WORK ORDER
Using the listing below, report all lines holding the word "POINT".

_ _ _ _

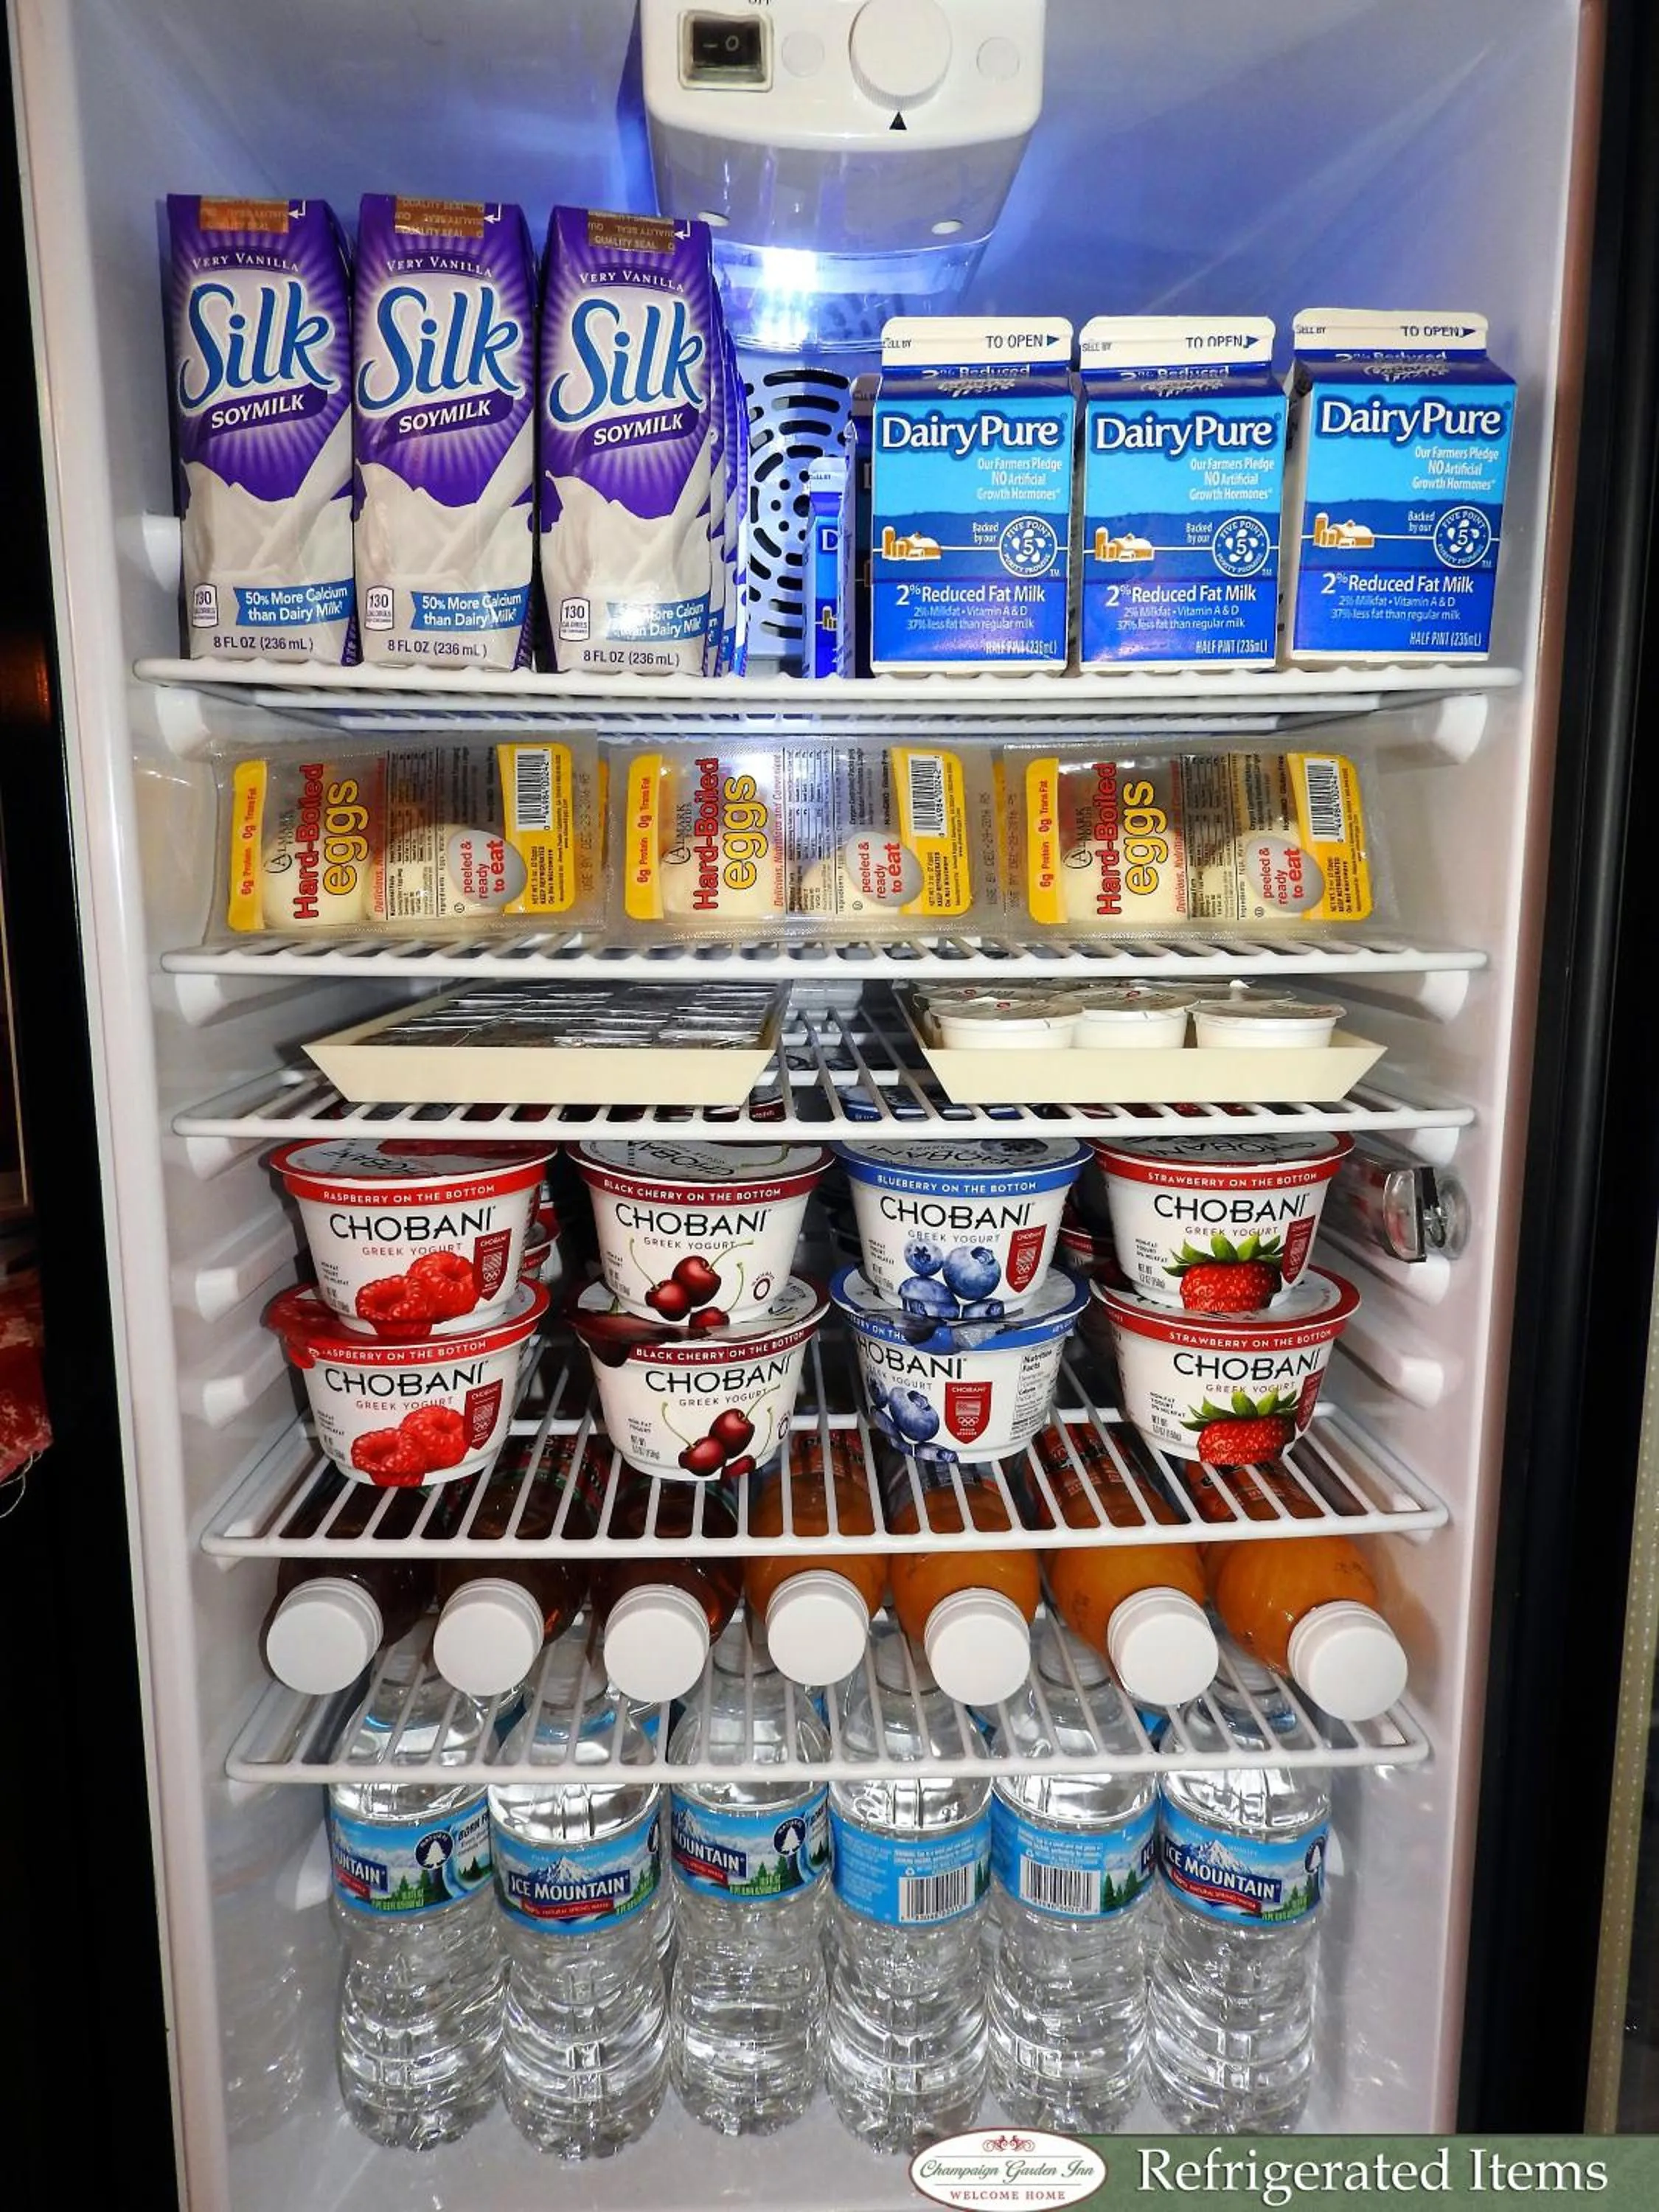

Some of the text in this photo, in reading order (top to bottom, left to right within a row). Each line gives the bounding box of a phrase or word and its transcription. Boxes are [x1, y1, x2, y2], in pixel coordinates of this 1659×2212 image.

[192, 253, 299, 272] VERY VANILLA
[386, 257, 492, 277] VERY VANILLA
[580, 271, 684, 292] VERY VANILLA
[986, 335, 1043, 348] TO OPEN
[1401, 327, 1458, 337] TO OPEN
[180, 282, 335, 409] Silk
[358, 287, 521, 410] Silk
[549, 299, 703, 422] Silk
[211, 393, 305, 428] SOYMILK
[398, 399, 490, 433] SOYMILK
[1321, 401, 1500, 442] DairyPure
[594, 413, 684, 446] SOYMILK
[883, 415, 1058, 454] DairyPure
[1097, 417, 1272, 455] DairyPure
[1433, 447, 1467, 459] Farmers
[1470, 447, 1499, 460] Pledge
[1428, 461, 1441, 473] NO
[1006, 521, 1051, 538] FIVE POINT
[1443, 511, 1486, 528] FIVE POINT
[1023, 540, 1034, 554] 5
[1458, 529, 1468, 545] 5
[897, 585, 1045, 605] 2% Reduced Fat Milk
[1106, 585, 1256, 606] 2% Reduced Fat Milk
[1321, 572, 1473, 594] 2% Reduced Fat Milk
[195, 591, 212, 605] 130
[246, 587, 347, 605] 50% More Calcium
[369, 594, 389, 608] 130
[422, 594, 521, 610] 50% More Calcium
[248, 607, 313, 621] than Dairy
[424, 613, 487, 628] than Dairy
[564, 605, 585, 619] 130
[214, 637, 221, 648] 8
[224, 637, 237, 648] FL
[240, 637, 256, 648] OZ
[260, 637, 285, 650] (236
[584, 650, 590, 661] 8
[594, 650, 606, 662] FL
[610, 651, 625, 663] OZ
[629, 651, 653, 665] (236
[293, 764, 324, 919] Hard-Boiled
[323, 779, 369, 895] eggs
[637, 790, 652, 883] 6g Protein 0g Trans
[693, 758, 719, 910] Hard-Boiled
[722, 775, 768, 889] eggs
[1092, 762, 1121, 915] Hard-Boiled
[1122, 780, 1169, 895] eggs
[1038, 818, 1053, 888] 6g 0g
[460, 841, 475, 893] peeled &
[487, 841, 505, 892] to eat
[858, 841, 872, 893] peeled &
[886, 842, 902, 893] to eat
[1259, 847, 1274, 899] peeled &
[1284, 848, 1304, 898] to eat
[478, 863, 490, 899] ready
[874, 863, 886, 899] ready
[1275, 869, 1287, 904] ready
[604, 1179, 633, 1194] BLACK
[637, 1189, 682, 1200] CHERRY
[710, 1193, 732, 1201] THE
[737, 1189, 781, 1200] BOTTOM
[877, 1175, 1036, 1193] BLUEBERRY ON THE BOTTOM
[1149, 1172, 1225, 1187] STRAWBERRY
[1252, 1178, 1273, 1186] THE
[1276, 1172, 1317, 1185] BOTTOM
[324, 1186, 495, 1203] RASPBERRY ON THE BOTTOM
[616, 1203, 765, 1237] CHOBANI
[880, 1196, 1030, 1230] CHOBANI
[1154, 1194, 1305, 1223] CHOBANI
[330, 1206, 492, 1241] CHOBANI
[1186, 1227, 1278, 1237] GREEK YOGURT
[644, 1237, 736, 1250] GREEK YOGURT
[908, 1230, 1001, 1243] GREEK YOGURT
[362, 1243, 463, 1256] GREEK YOGURT
[387, 1352, 405, 1360] ON
[410, 1350, 433, 1359] THE
[438, 1340, 486, 1356] BOTTOM
[636, 1331, 804, 1360] BLACK CHERRY ON THE BOTTOM
[1169, 1332, 1247, 1348] STRAWBERRY
[1274, 1338, 1293, 1346] THE
[1297, 1329, 1331, 1343] BOTTOM
[858, 1335, 961, 1379] HOBANI
[1173, 1348, 1320, 1381] CHOBANI
[325, 1363, 483, 1397] CHOBANI
[646, 1355, 790, 1393] CHOBANI
[892, 1377, 932, 1390] YOGURT
[679, 1389, 768, 1406] GREEK YOGURT
[1206, 1381, 1295, 1393] GREEK YOGURT
[356, 1397, 453, 1411] GREEK YOGURT
[338, 1851, 379, 1884] UNTAIN
[1166, 1842, 1182, 1868] ICE
[1185, 1856, 1274, 1899] MOUNTAIN
[512, 1875, 625, 1900] ICE MOUNTAIN

_ _ _ _

OUTPUT OF THE TASK
[1006, 521, 1051, 538] FIVE POINT
[1443, 511, 1486, 528] FIVE POINT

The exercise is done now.